Recorded data ->

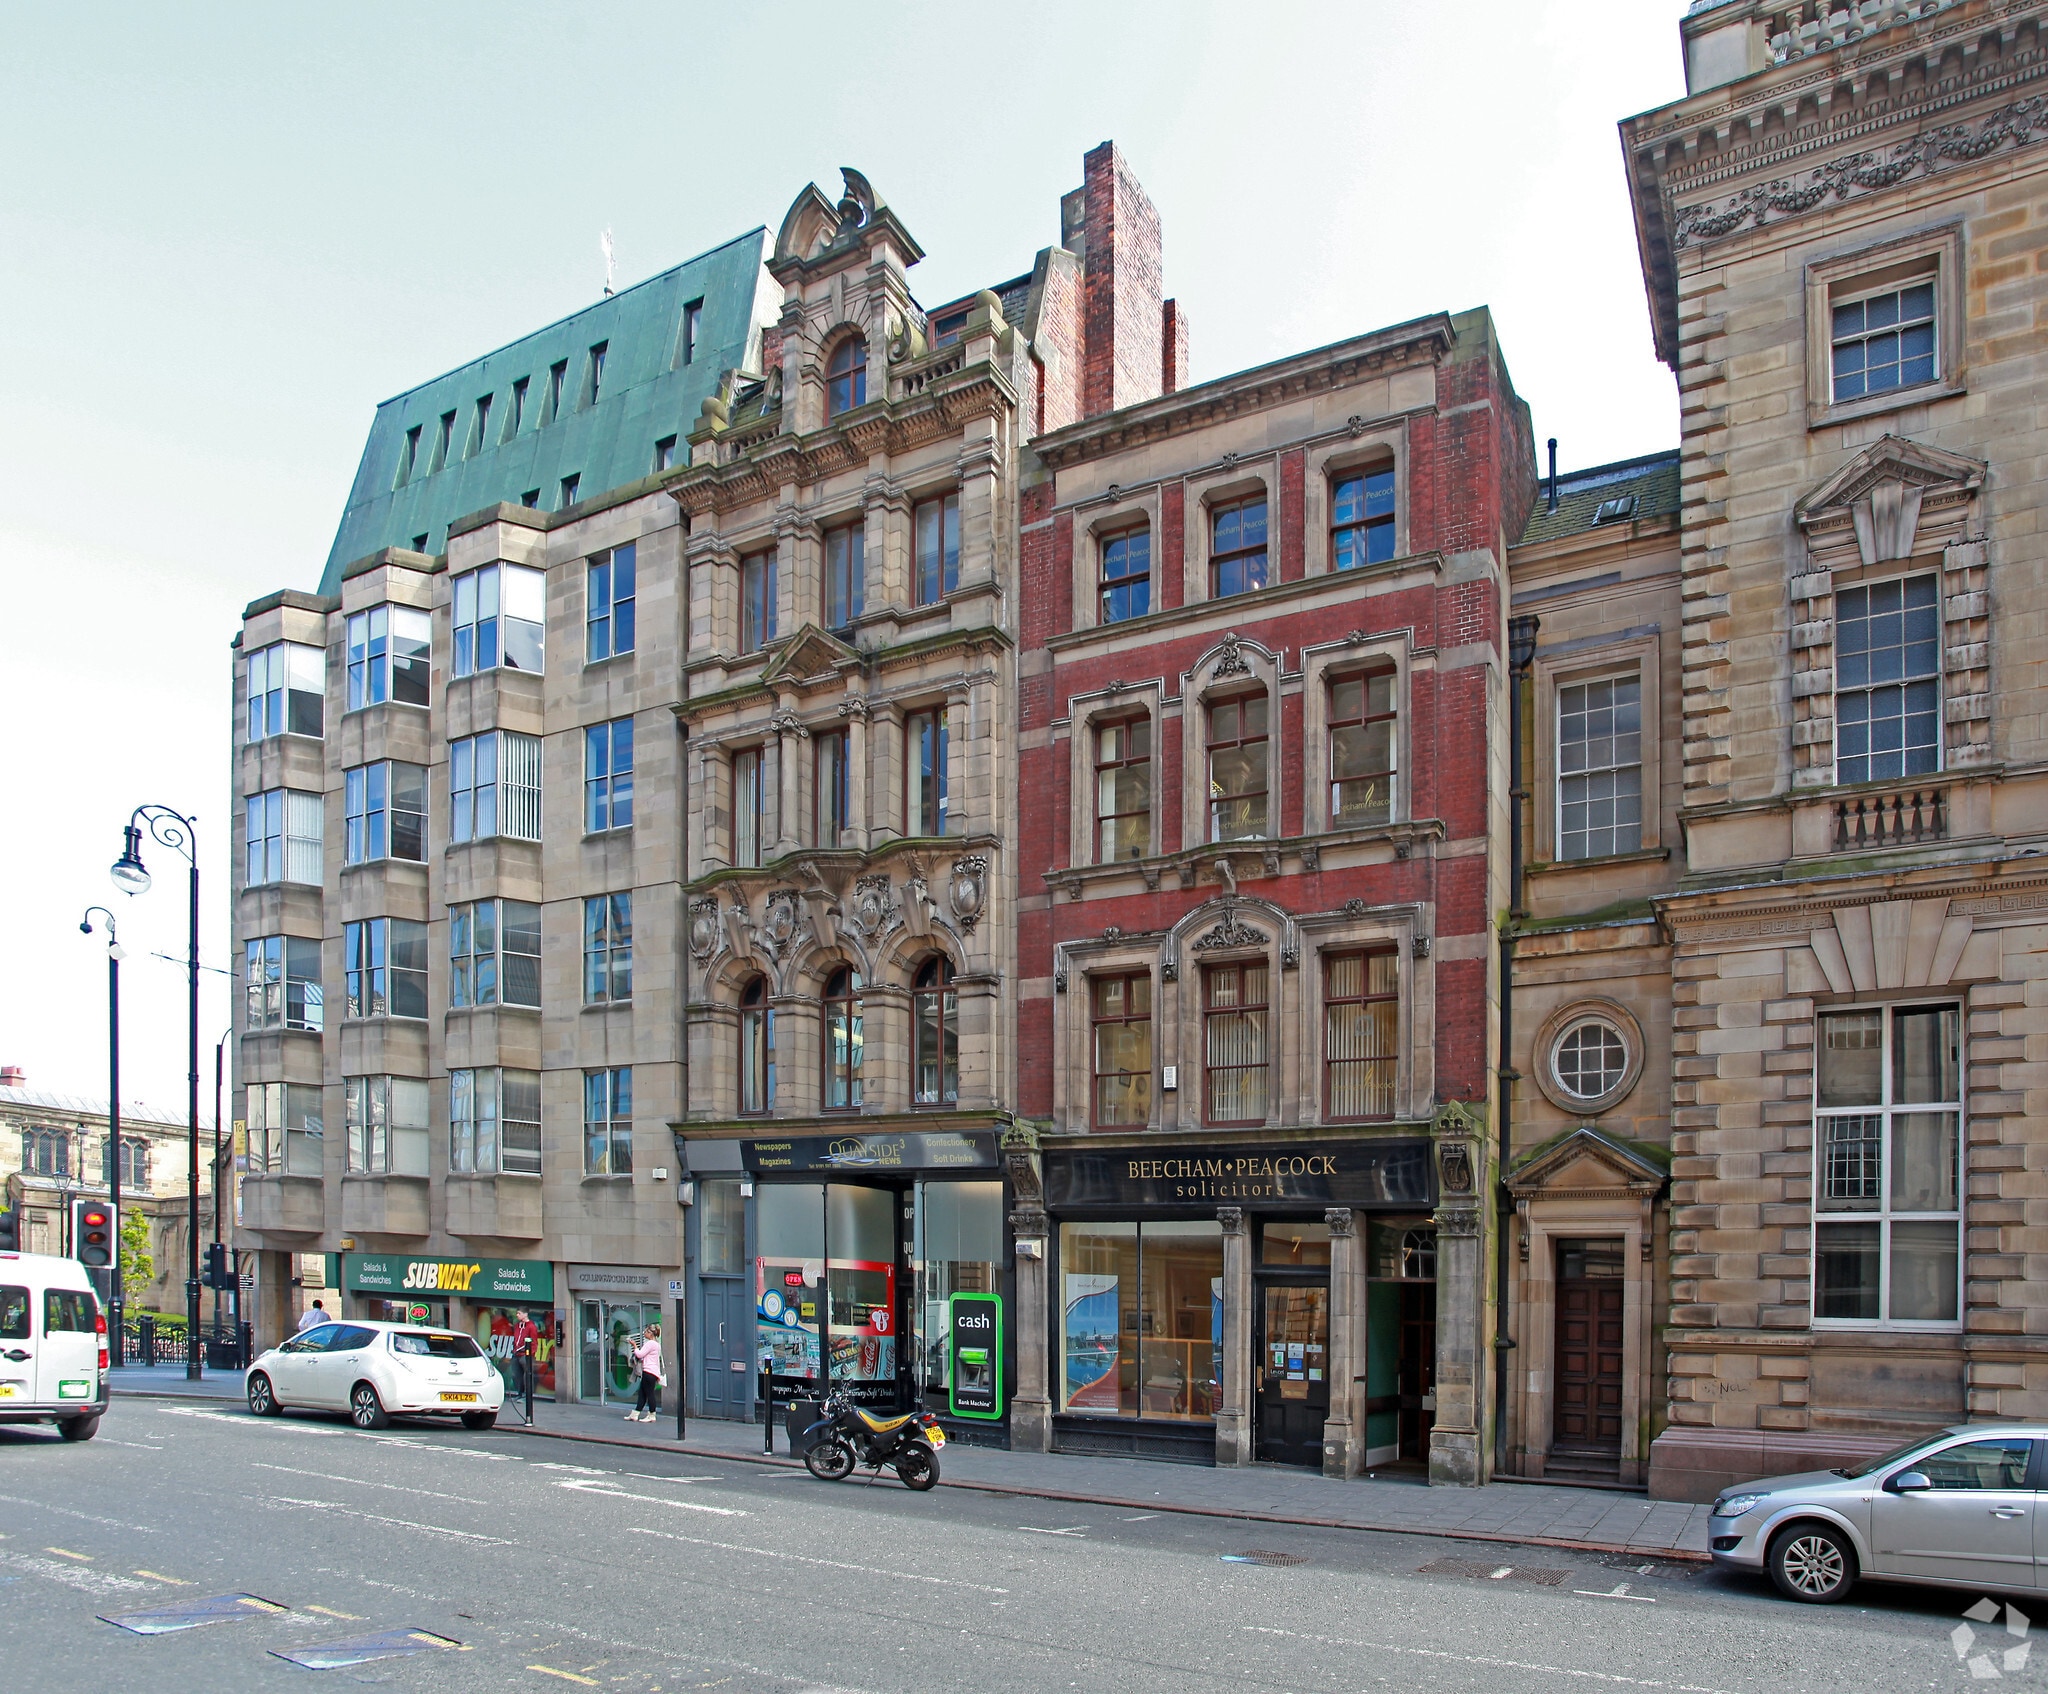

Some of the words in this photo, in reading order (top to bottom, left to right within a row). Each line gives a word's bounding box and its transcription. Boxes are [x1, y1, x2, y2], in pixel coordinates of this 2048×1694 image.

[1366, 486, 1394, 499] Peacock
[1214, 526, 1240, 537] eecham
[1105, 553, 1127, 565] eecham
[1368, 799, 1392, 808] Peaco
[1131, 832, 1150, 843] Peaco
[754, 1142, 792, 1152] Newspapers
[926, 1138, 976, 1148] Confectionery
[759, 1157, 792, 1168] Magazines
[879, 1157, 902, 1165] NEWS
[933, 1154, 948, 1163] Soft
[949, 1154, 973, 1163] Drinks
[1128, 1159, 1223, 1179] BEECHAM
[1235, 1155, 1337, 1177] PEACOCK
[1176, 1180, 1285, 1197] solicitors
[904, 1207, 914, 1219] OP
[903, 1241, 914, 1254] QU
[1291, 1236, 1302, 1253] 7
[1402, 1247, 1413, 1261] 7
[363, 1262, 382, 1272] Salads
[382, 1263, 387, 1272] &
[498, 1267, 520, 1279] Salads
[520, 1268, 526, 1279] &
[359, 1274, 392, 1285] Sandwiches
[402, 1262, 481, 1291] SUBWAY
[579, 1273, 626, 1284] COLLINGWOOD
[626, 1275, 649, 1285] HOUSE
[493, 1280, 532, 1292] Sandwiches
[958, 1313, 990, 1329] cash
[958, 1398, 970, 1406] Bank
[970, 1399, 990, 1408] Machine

Work required -> Would you return the whole listing above exactly as written, skipping any image?

Exercise output ->
Some of the words in this photo, in reading order (top to bottom, left to right within a row). Each line gives a word's bounding box and its transcription. Boxes are [x1, y1, x2, y2], in pixel coordinates of this 2048×1694 image.

[1366, 486, 1394, 499] Peacock
[1214, 526, 1240, 537] eecham
[1105, 553, 1127, 565] eecham
[1368, 799, 1392, 808] Peaco
[1131, 832, 1150, 843] Peaco
[754, 1142, 792, 1152] Newspapers
[926, 1138, 976, 1148] Confectionery
[759, 1157, 792, 1168] Magazines
[879, 1157, 902, 1165] NEWS
[933, 1154, 948, 1163] Soft
[949, 1154, 973, 1163] Drinks
[1128, 1159, 1223, 1179] BEECHAM
[1235, 1155, 1337, 1177] PEACOCK
[1176, 1180, 1285, 1197] solicitors
[904, 1207, 914, 1219] OP
[903, 1241, 914, 1254] QU
[1291, 1236, 1302, 1253] 7
[1402, 1247, 1413, 1261] 7
[363, 1262, 382, 1272] Salads
[382, 1263, 387, 1272] &
[498, 1267, 520, 1279] Salads
[520, 1268, 526, 1279] &
[359, 1274, 392, 1285] Sandwiches
[402, 1262, 481, 1291] SUBWAY
[579, 1273, 626, 1284] COLLINGWOOD
[626, 1275, 649, 1285] HOUSE
[493, 1280, 532, 1292] Sandwiches
[958, 1313, 990, 1329] cash
[958, 1398, 970, 1406] Bank
[970, 1399, 990, 1408] Machine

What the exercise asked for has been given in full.